(Data section Opens)
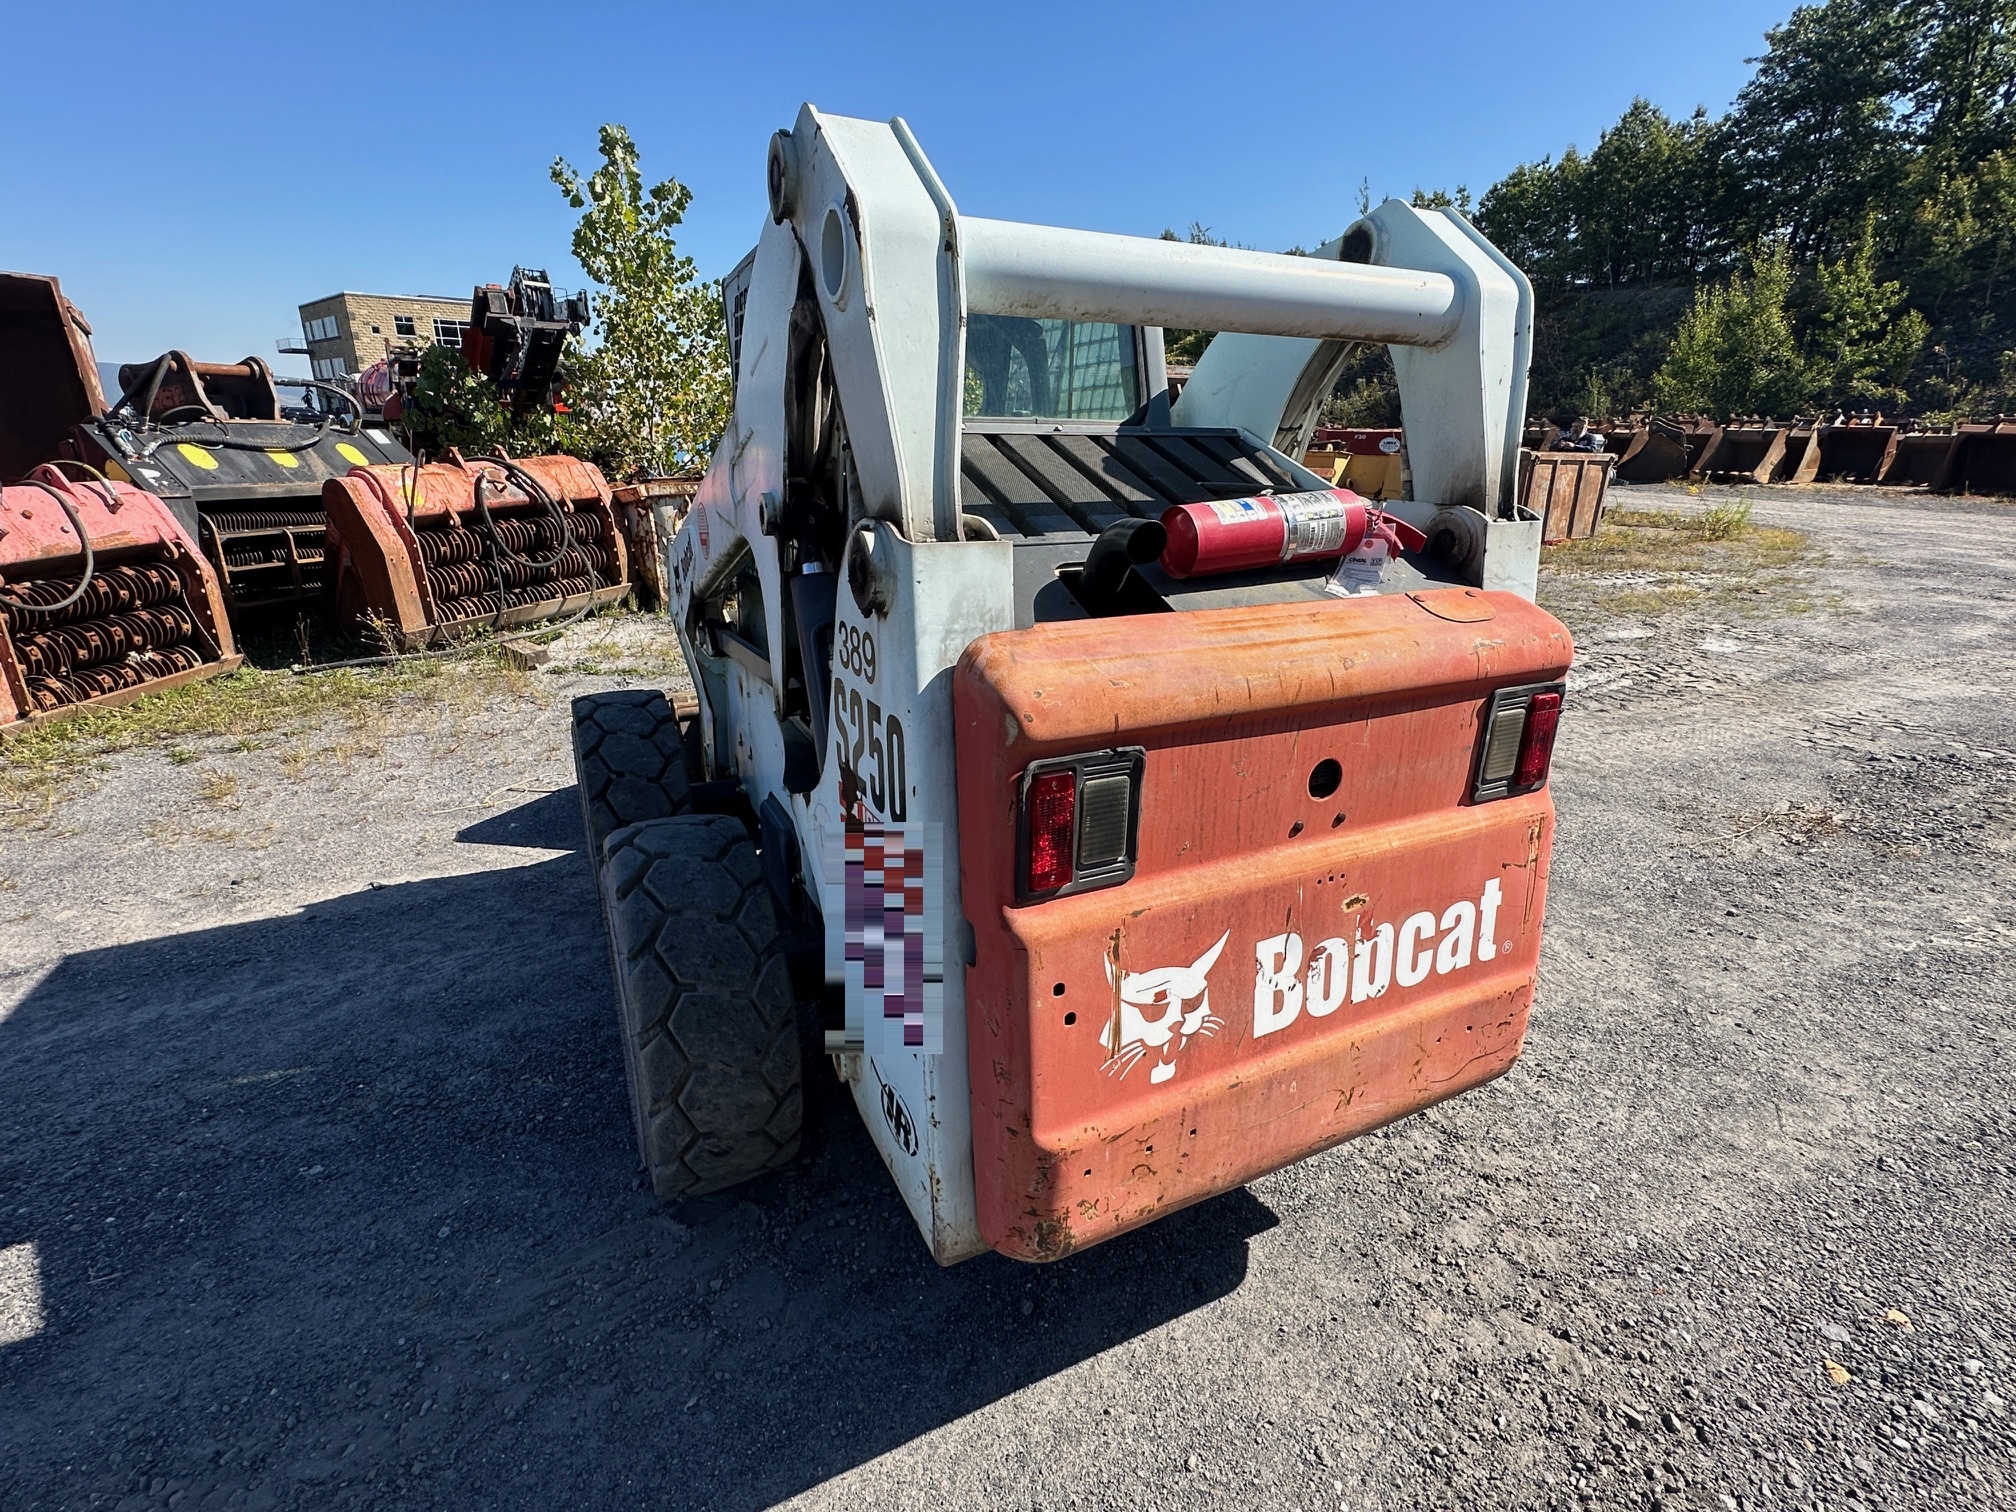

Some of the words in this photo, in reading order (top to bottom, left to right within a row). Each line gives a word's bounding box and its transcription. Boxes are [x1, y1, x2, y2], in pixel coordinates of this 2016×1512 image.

[838, 620, 876, 684] 389
[834, 677, 907, 822] S250
[1253, 877, 1502, 1038] Bobcat
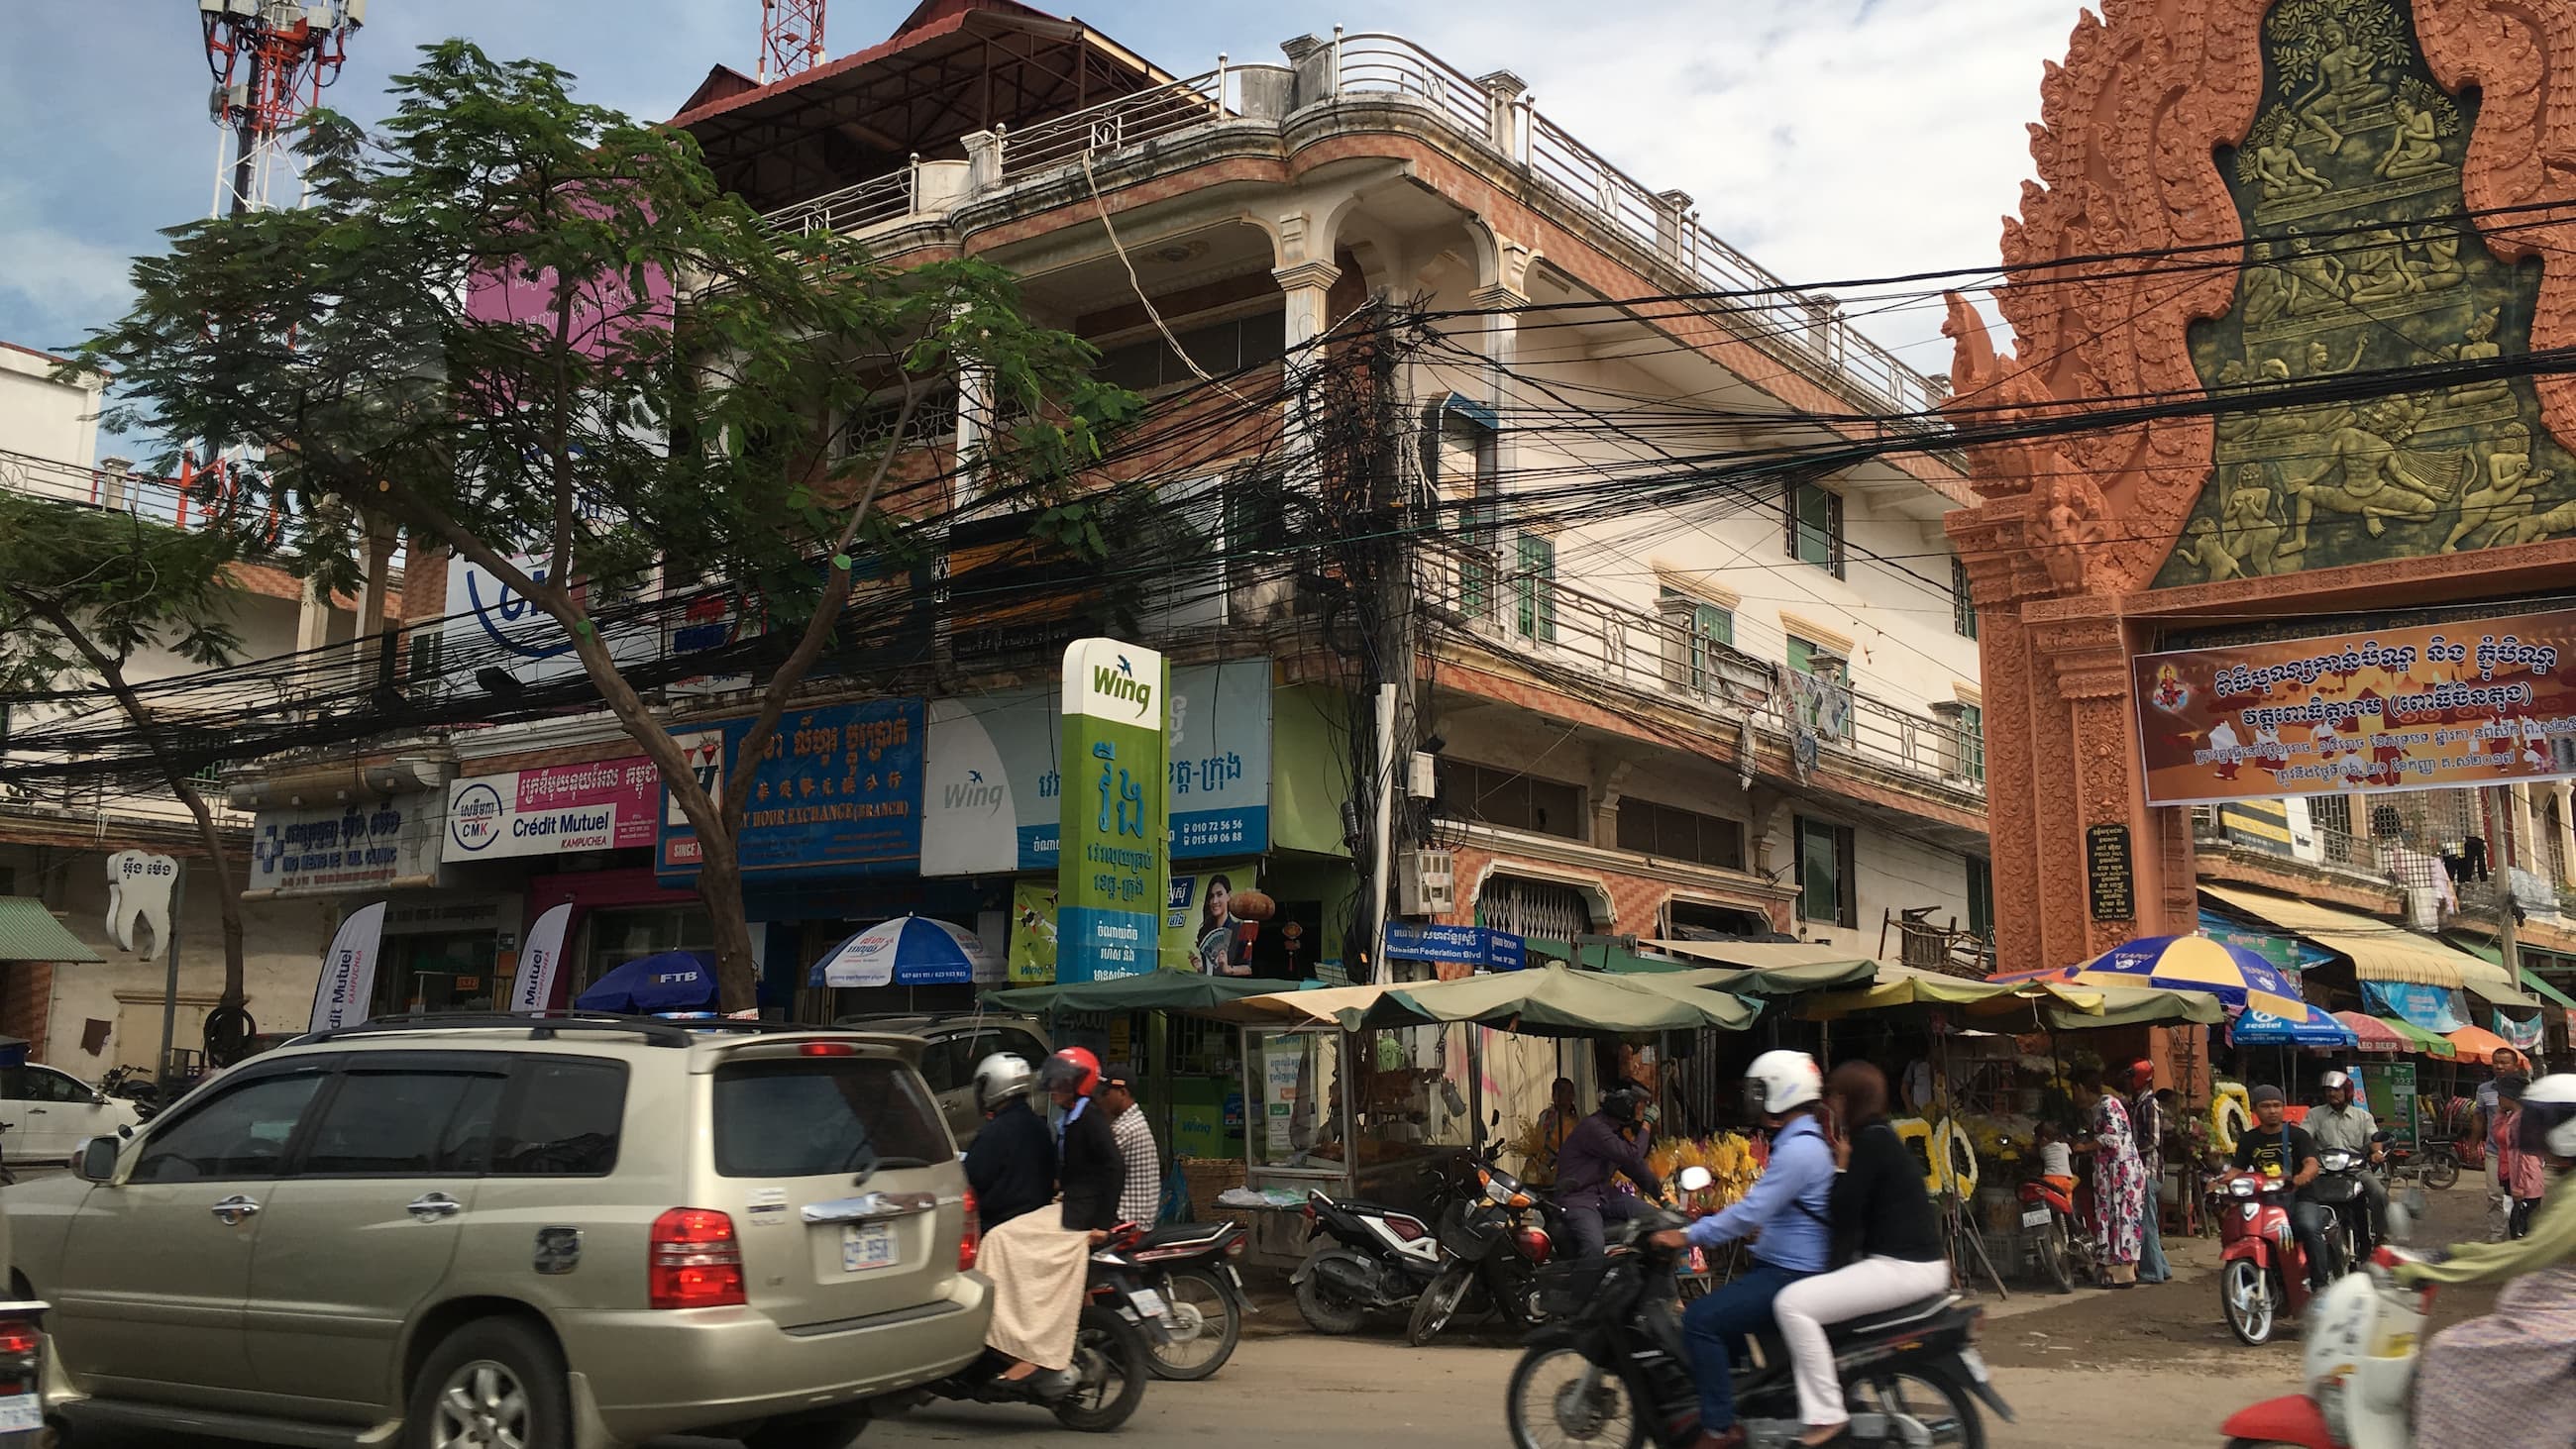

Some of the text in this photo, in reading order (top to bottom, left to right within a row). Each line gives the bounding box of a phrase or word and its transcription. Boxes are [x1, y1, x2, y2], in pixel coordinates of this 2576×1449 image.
(Data section Closes)
> [Try it]
Leave the pictures behind and transcribe every record above exactly.

> [Response to this exercise]
Some of the words in this photo, in reading order (top to bottom, left to right within a row). Each line gives a word's bounding box and its transcription. Boxes are [x1, y1, x2, y2], in pixel coordinates of this 2016×1512 image.

[838, 620, 876, 684] 389
[834, 677, 907, 822] S250
[1253, 877, 1502, 1038] Bobcat

Some of the text in this photo, in reading order (top to bottom, left to right within a row). Each line gives the bounding box of a phrase or word and its transcription. Boxes are [x1, y1, x2, y2], in pixel coordinates of this 2576×1449 image.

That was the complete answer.